Question avec demande de réponse écrite à la Commission
Article 130 du règlement

Les Accords de libre-échange en cours de négociation ont pour finalité la création de « chaînes de valeur mondialisées » : l’Union Européenne considère le libre-échange comme une chance pour l’emploi en Europe. Or de nombreux pays partenaires ne sont pas signataires des conventions de l’OIT qui fixent des normes de travail a minima ; et ces normes ne peuvent être systématiquement inclues dans les accords, puisque leur respect reste de l’ordre de la souveraineté nationale.

Les pays partenaires ne respectent généralement que des normes sociales a minima, lesquelles se retrouvent de facto acceptées par l’ensemble des partenaires :

– la Commission ne peut-elle pas reconnaître que les droits sociaux européens sont inéluctablement affaiblis par de tels accords ?

Réponse donnée par Mme Malmström au nom de la Commission (4.8.2016)

La Commission renvoie l’honorable parlementaire à la réponse donnée à la question E‑003306/2016.

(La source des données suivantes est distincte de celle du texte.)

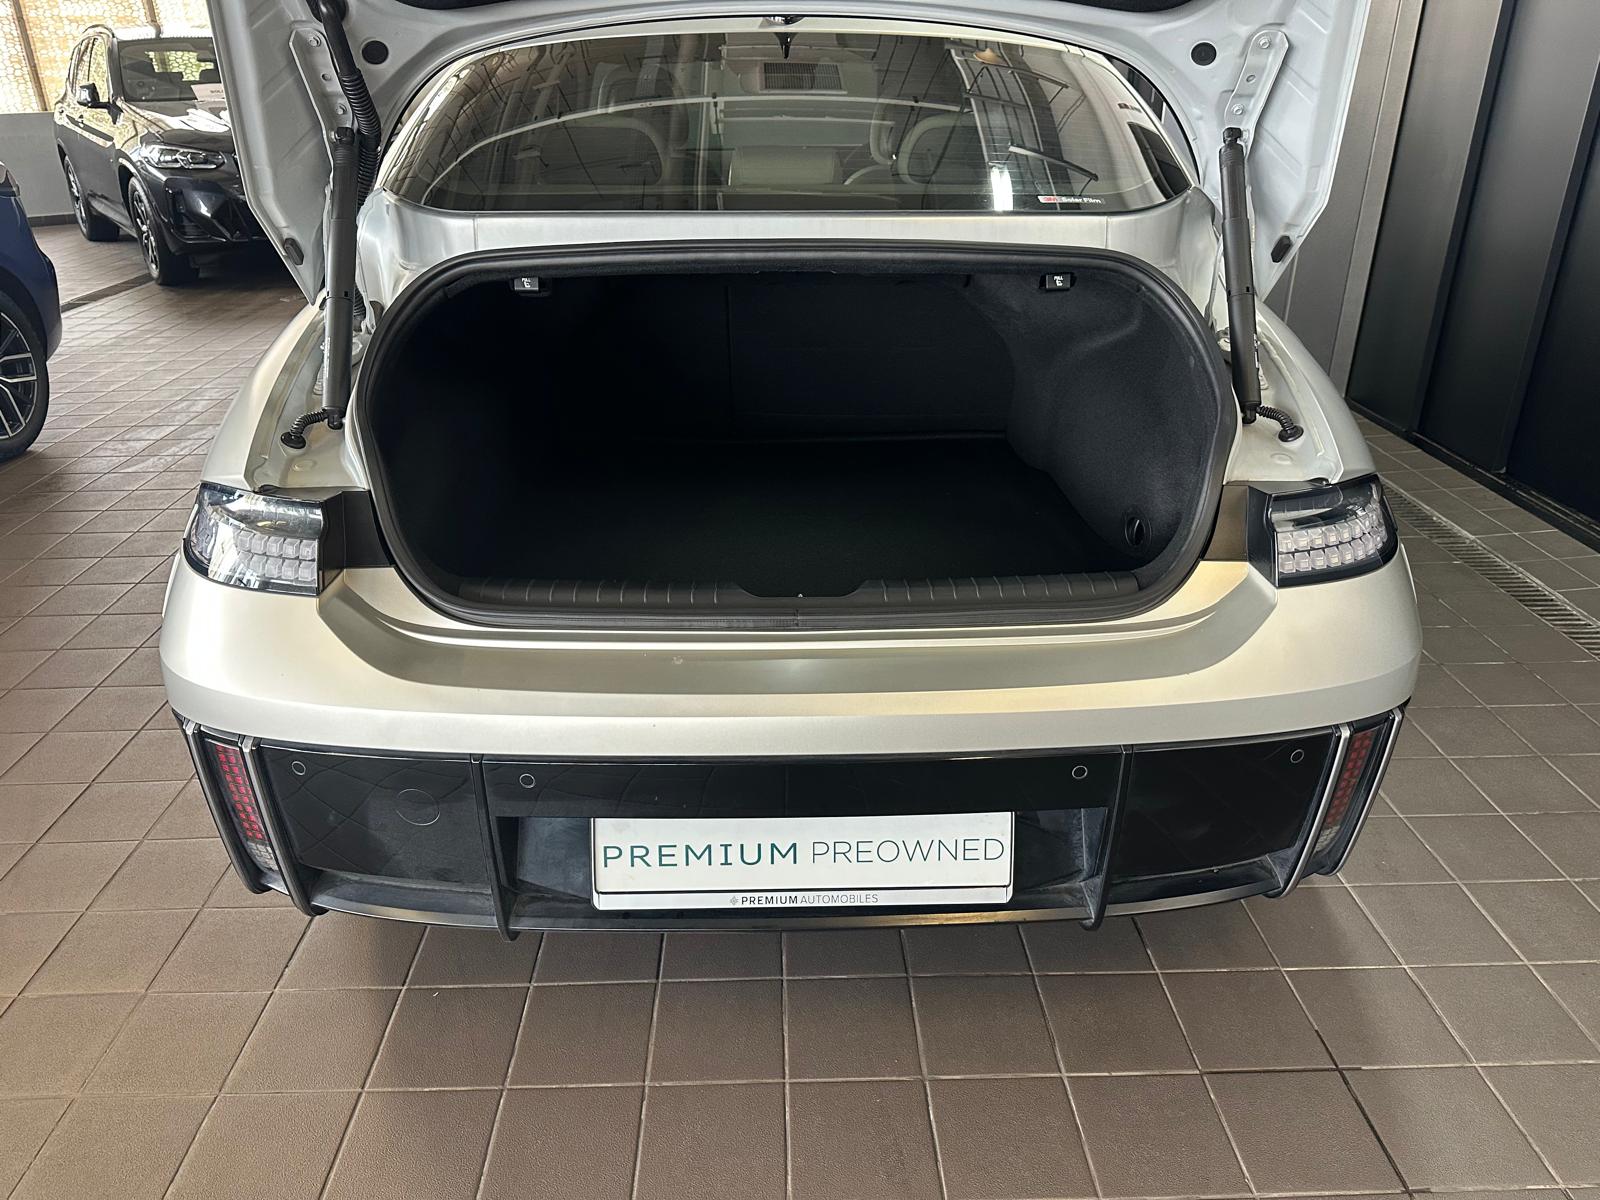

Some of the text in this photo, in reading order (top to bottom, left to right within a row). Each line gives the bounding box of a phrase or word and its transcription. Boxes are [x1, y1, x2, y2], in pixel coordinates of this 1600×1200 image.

[603, 838, 1005, 868] PREMIUM PREOWNED
[741, 893, 879, 905] PREMIUM AUTOMOBILES
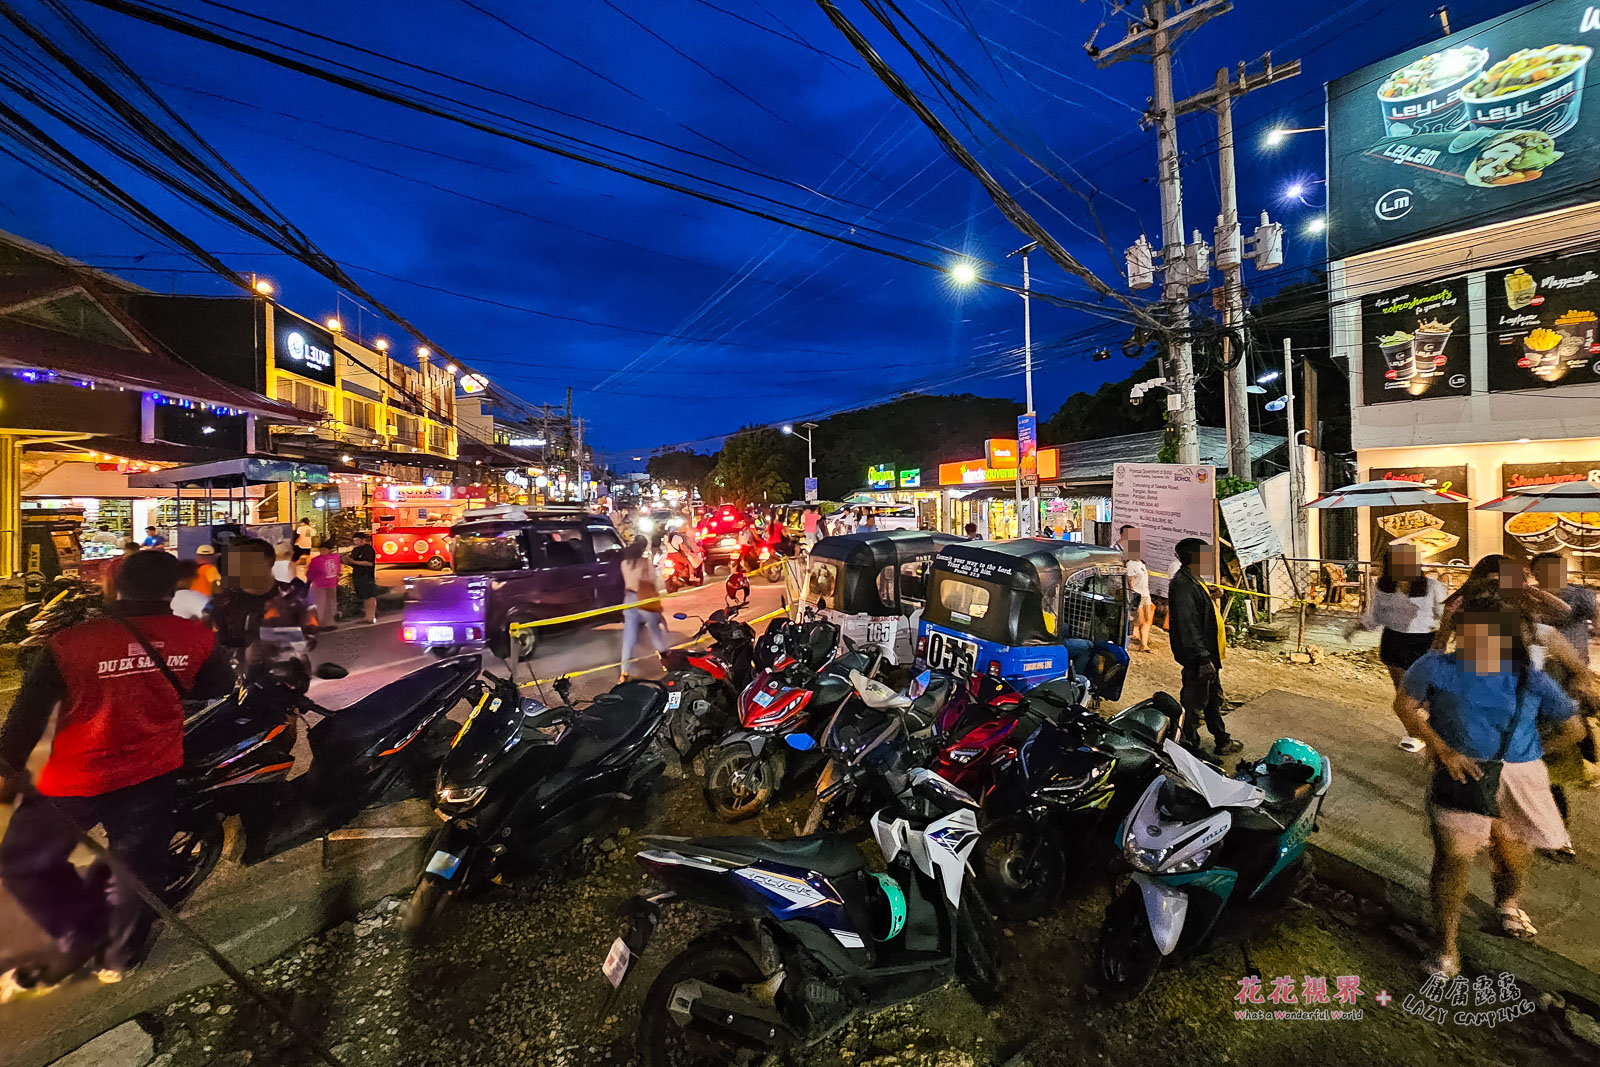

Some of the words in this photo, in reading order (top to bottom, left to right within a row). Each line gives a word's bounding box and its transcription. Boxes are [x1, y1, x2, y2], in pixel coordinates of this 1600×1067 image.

Les dispositions complètes sur le commerce et le développement durable comprises dans tous les accords de libre-échange (ALE) récemment conclus entre l’Union européenne et des pays tiers imposent des règles de conduite fermes en ce qui concerne le droit intérieur de chaque partie sur les questions relatives au travail et à l’environnement. Ces dispositions prévoient que la législation intérieure ne peut pas établir de normes moins strictes qu’un ensemble de règles essentielles internationalement reconnues (normes fondamentales du travail, principaux accords multilatéraux sur l’environnement). Les signataires de ces ALE s’engagent à appliquer sans réserve la législation intérieure en matière de travail et d’environnement et à ne pas y déroger en vue d’attirer abusivement les échanges commerciaux ou les investissements. De plus, ils s’engagent à ne pas utiliser les normes sur l’environnement et le travail à des fins protectionnistes.

La Commission s’attache à inclure ces dispositions dans toutes les négociations actuelles d’ALE.